Studies of the lower levels of the atmosphere (lowest tens of meters) show that it cools at night when winds do not move warm air into the area. This cooling occurs as heat is lost to space. For this reason, minimum daily temperatures typically occur near sunrise, due to cooling overnight. The nighttime cooling varies with height. With light winds, the cooling is greater near the surface and less aloft, while with stronger winds, which are associated with greater mixing of the air above a particular location, the cooling rate is more uniform with height. Light and strong winds can be documented at a particular location from observed wind data.

The rate of heat loss to space is dependent on several factors, including cloudiness and the local atmospheric concentrations of carbon dioxide and of water vapor. Under cloudy conditions, the cooling is much less. Similarly, an atmosphere with higher concentrations of the greenhouse gases, CO2 and H2O, also reduces the cooling at night. Consequently, if there is a long-term trend in greenhouse gas concentrations or cloudiness it will introduce a bias in the observational record of minimum temperatures that will necessarily result in a bias in the long-term surface temperature record.

Because of changes to the atmosphere over the past century, there are several reasons why we should expect the nighttime cooling in the lower atmosphere to have been reduced. One reason for this is that carbon dioxide concentrations have increased, such that the local effect of greenhouse gas concentrations on temperature measurements is larger. Also, an increase of cloudiness has been reported which has the effect of reducing nighttime cooling. An increase in water vapor content in the lower atmosphere would also reduce the cooling rate at night.

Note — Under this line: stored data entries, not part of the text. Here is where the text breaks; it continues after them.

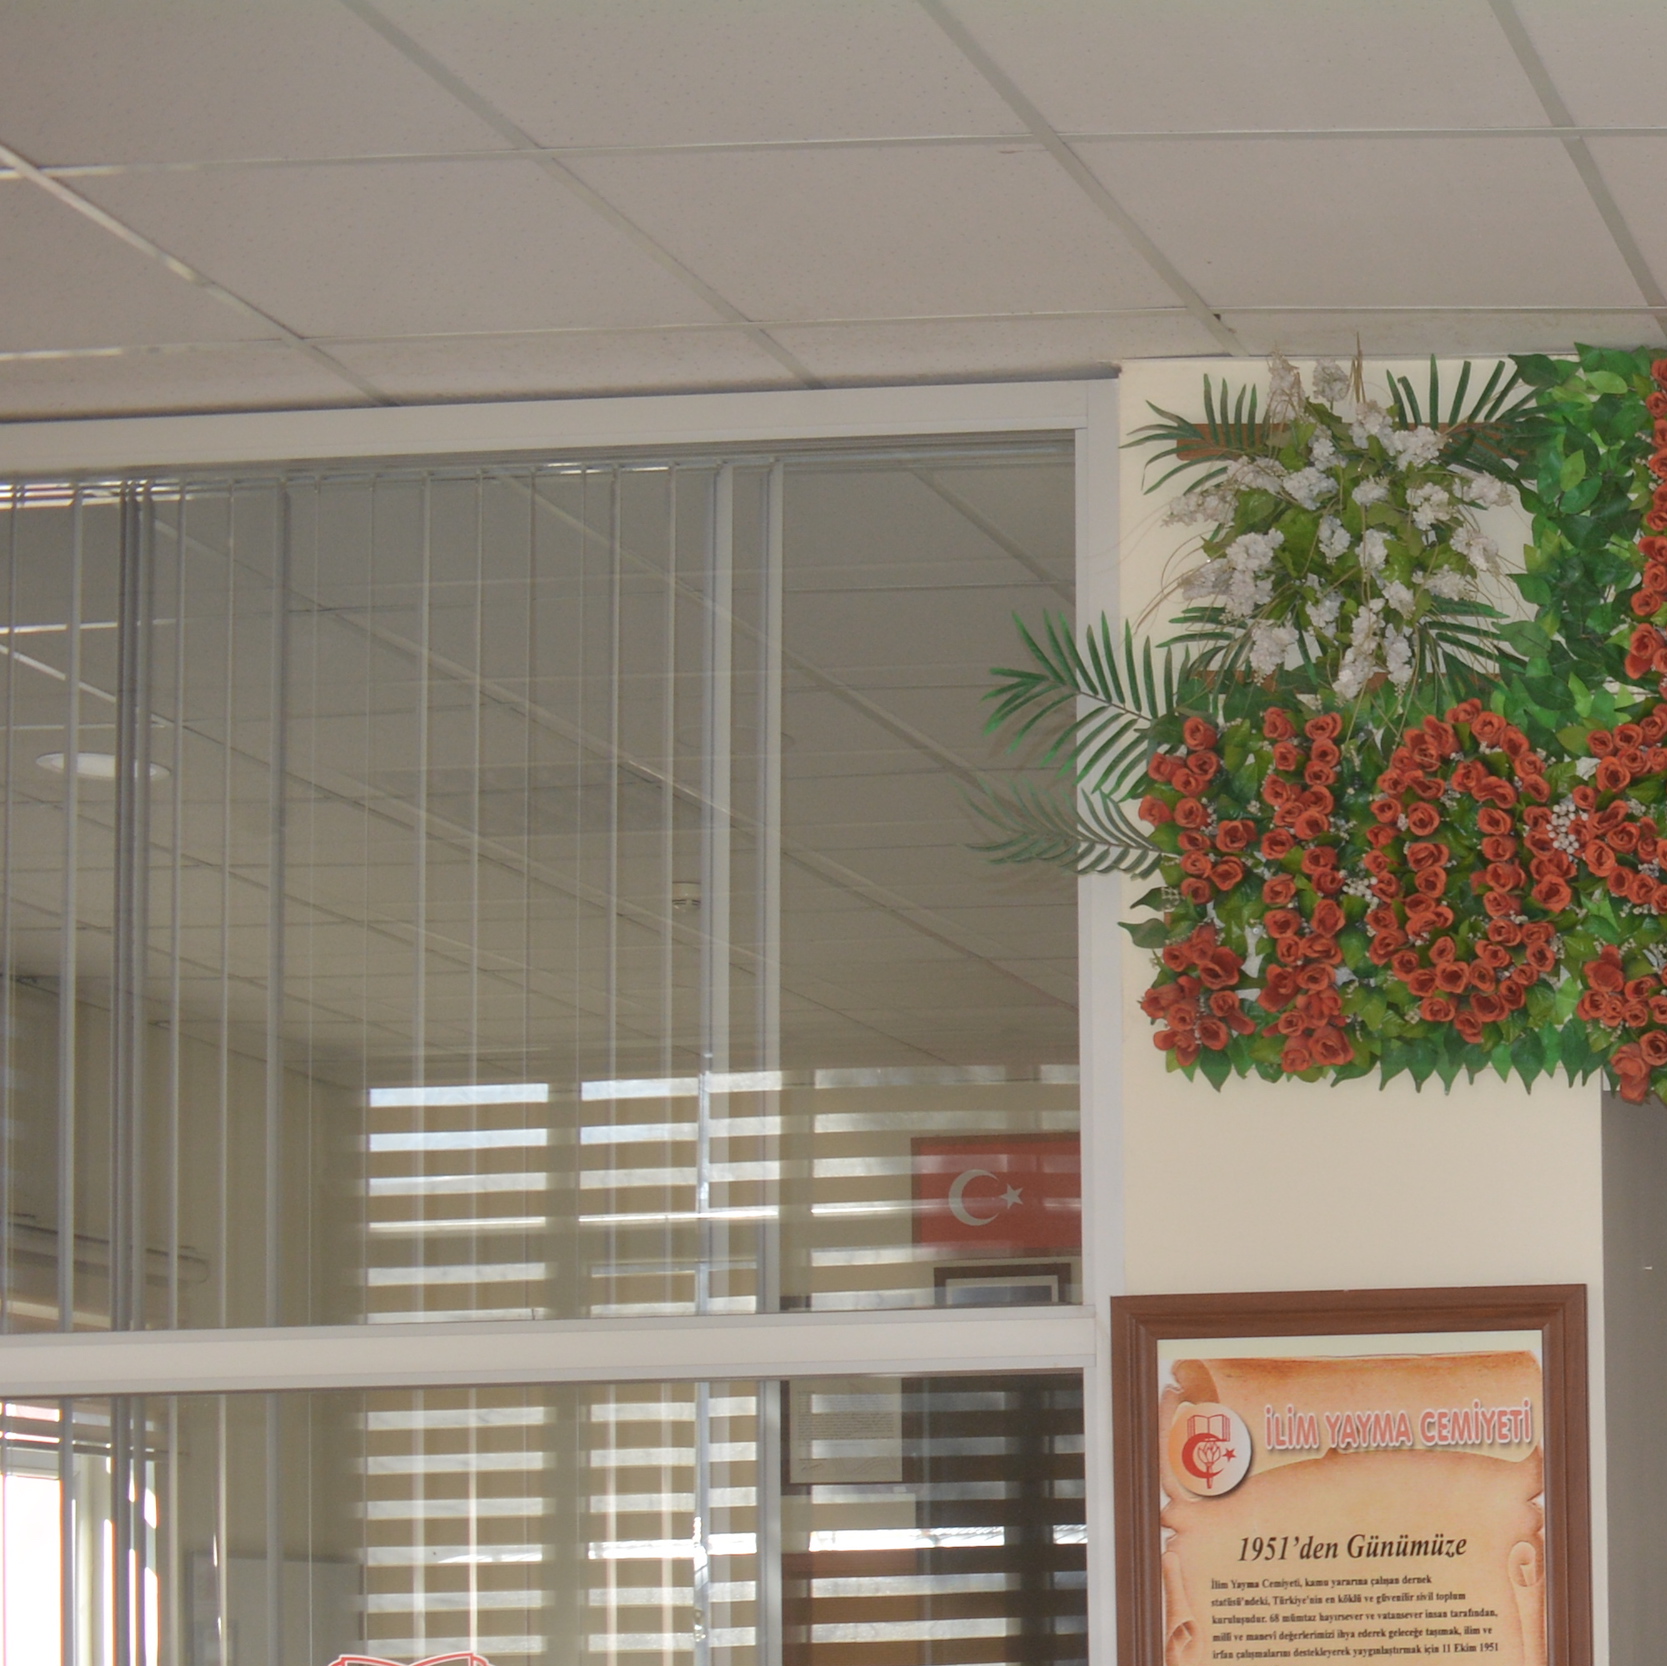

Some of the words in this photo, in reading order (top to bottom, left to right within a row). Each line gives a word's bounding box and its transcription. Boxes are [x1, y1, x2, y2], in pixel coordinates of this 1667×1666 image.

[1265, 1404, 1319, 1450] İLİM
[1325, 1409, 1413, 1449] YAYMA
[1419, 1398, 1533, 1446] CEMİYETİ
[1237, 1534, 1338, 1562] 1951'den
[1347, 1531, 1467, 1561] Günümüze
[1269, 1614, 1280, 1623] 68

Our paper shows that in such circumstances where nighttime cooling is reduced systematically over time, i.e., under trends of greater atmospheric greenhouse gases or an increase in cloudiness, the resulting effect will be to increase minimum temperatures from what they would have been absent the reduced nighttime cooling. This increase in minimum temperatures is greater on nights with light winds than nights with strong winds, due to the mixing of air, and can be on the order of 1 degree C in the lowest 10m above the ground. Minimum daily temperatures are of course important because they are used as input to calculate the daily temperatures that comprise the long-term surface temperature record.

When there is a long-term trend of a reduction in nighttime cooling, then when temperature data are collected, the combination of all of the minimum temperatures on light and strong wind nights will result in an overstatement of warming trends by tenths of a degree. (Note that this assumes that the overall reduction of nighttime cooling such as due to more cloudiness over time and/or increases in the atmospheric concentration of carbon dioxide and/or water vapor is on the order of 1 watt per meter squared. Based on the IPCC, 2001 findings, this is a reasonable estimate of the change over the recent decades in the atmospheric radiative forcing).

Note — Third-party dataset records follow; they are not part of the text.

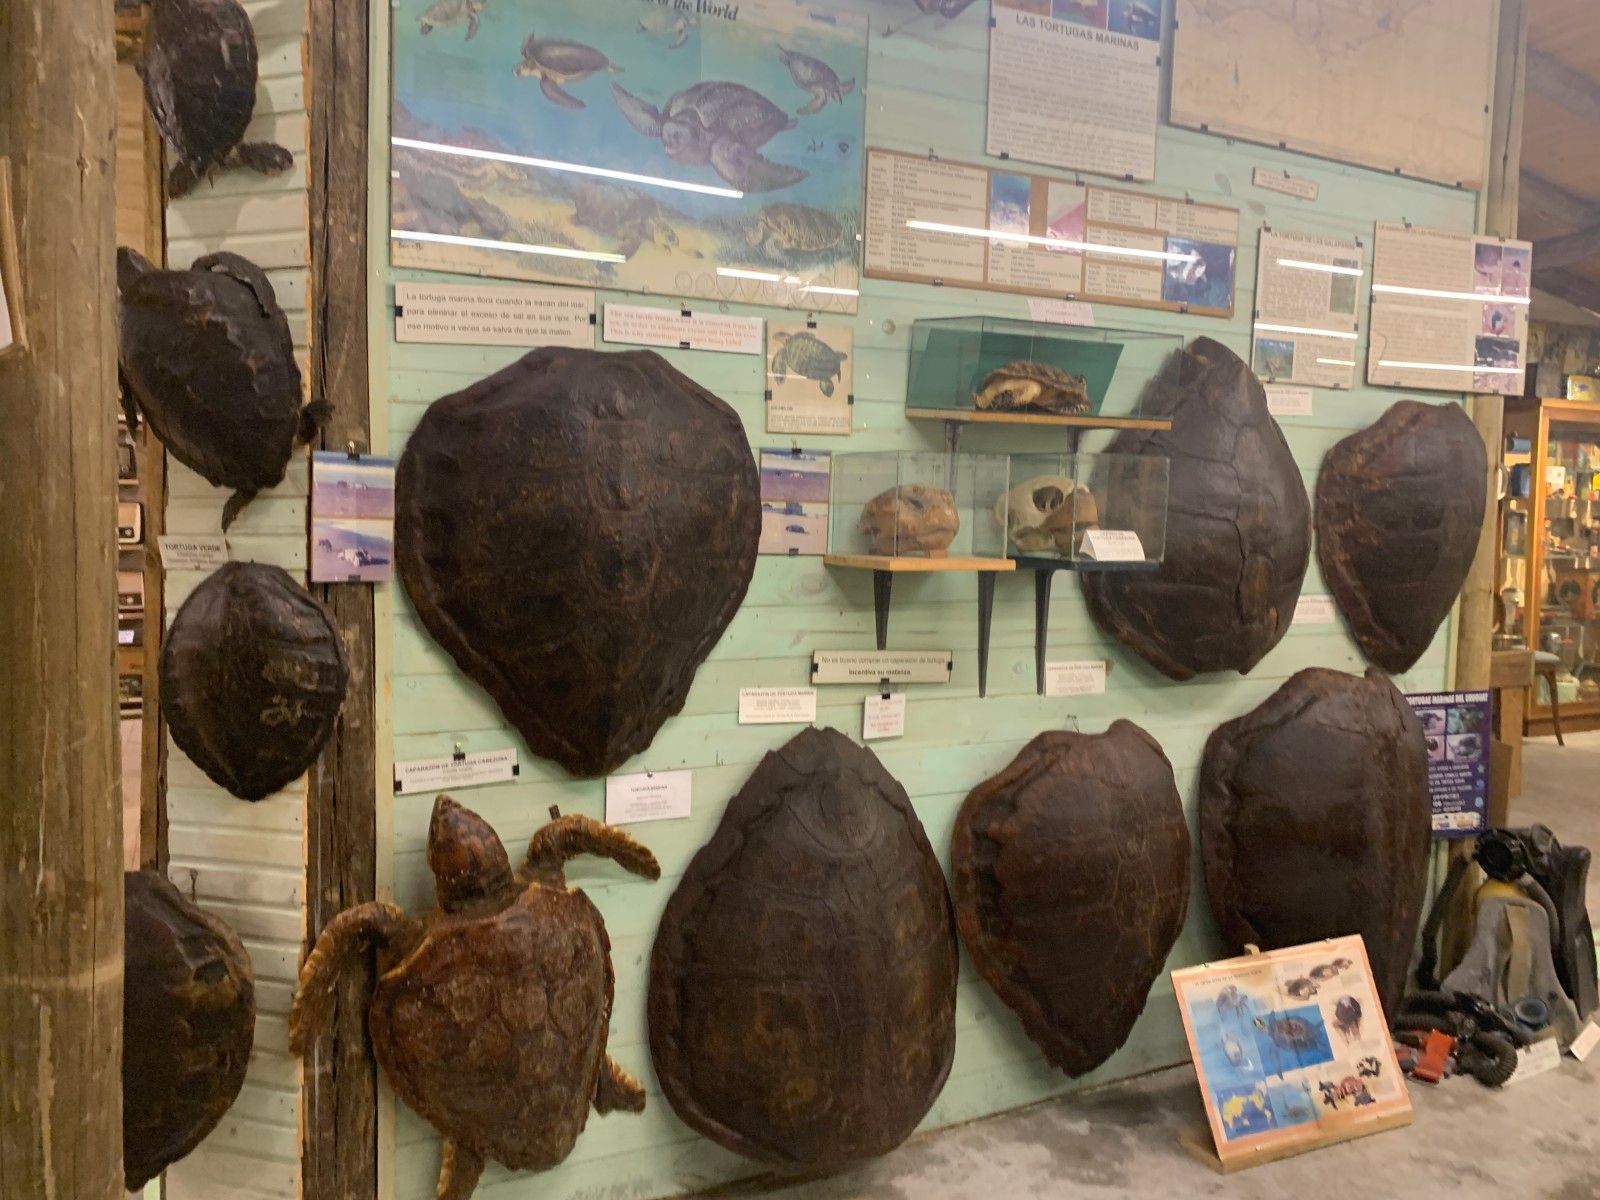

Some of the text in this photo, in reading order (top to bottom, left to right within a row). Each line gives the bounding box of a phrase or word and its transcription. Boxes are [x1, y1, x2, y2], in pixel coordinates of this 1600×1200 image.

[696, 0, 740, 21] World
[1016, 13, 1140, 51] LAS TORTUGAS MARINAS
[406, 292, 417, 301] La
[419, 293, 447, 304] tortuga
[448, 294, 475, 303] marina
[477, 295, 493, 304] llora
[495, 297, 523, 305] cuando
[525, 298, 532, 306] la
[533, 299, 556, 307] sacan
[558, 299, 569, 308] del
[406, 309, 425, 319] para
[427, 308, 458, 317] eliminar
[461, 309, 468, 317] el
[470, 311, 498, 319] exceso
[500, 312, 510, 320] de
[538, 314, 552, 322] sus
[424, 323, 449, 332] motivo
[514, 327, 524, 335] de
[525, 328, 539, 337] que
[165, 543, 221, 553] TORTUGA VERDE
[821, 655, 831, 664] No
[839, 656, 857, 664] bueno
[858, 657, 881, 667] comprar
[919, 656, 926, 664] de

What this means is that because (a) the land surface temperature record does in fact combine temperature measurements of light wind and windy nights and (b) there has been a reduction in nighttime cooling, the long-term temperature record may be contaminated by a warm bias that accentuates the observed trend of warmer temperatures. Such a bias would be of similar or larger magnitude to those biases recently discussed in the context of global satellite measurements of temperature. The reduction in nighttime cooling that leads to this bias may indeed be the result of human interference in the climate system (i.e., local effects of increasing greenhouse gases or human effects on cloud cover), but through a causal mechanism different than that typically assumed.

This effect results from a systemic microclimate effect in temperature data which are present in the global temperature record, but are unaccounted for in current analyses. This raises the possibility that those GCMs that appear to accurately represent global average temperature trends over recent decades may be obtaining results that look right when compared to data, but for the wrong physical reasons. If so, this would call into question their ability to accurately predict the future evolution of the climate system.

The broader implications of Matsui and Pielke (2005), which will be well understood by anyone with an understanding of the physics of the lower atmosphere, should cause consternation among anyone who uses the global temperature trend record for scientific or policy purposes. As we have emphasized here (as have others, such as Hansen, Levitus, Barnett, Willis) a more meaningful metric than global average temperature to assess global warming is ocean heat content.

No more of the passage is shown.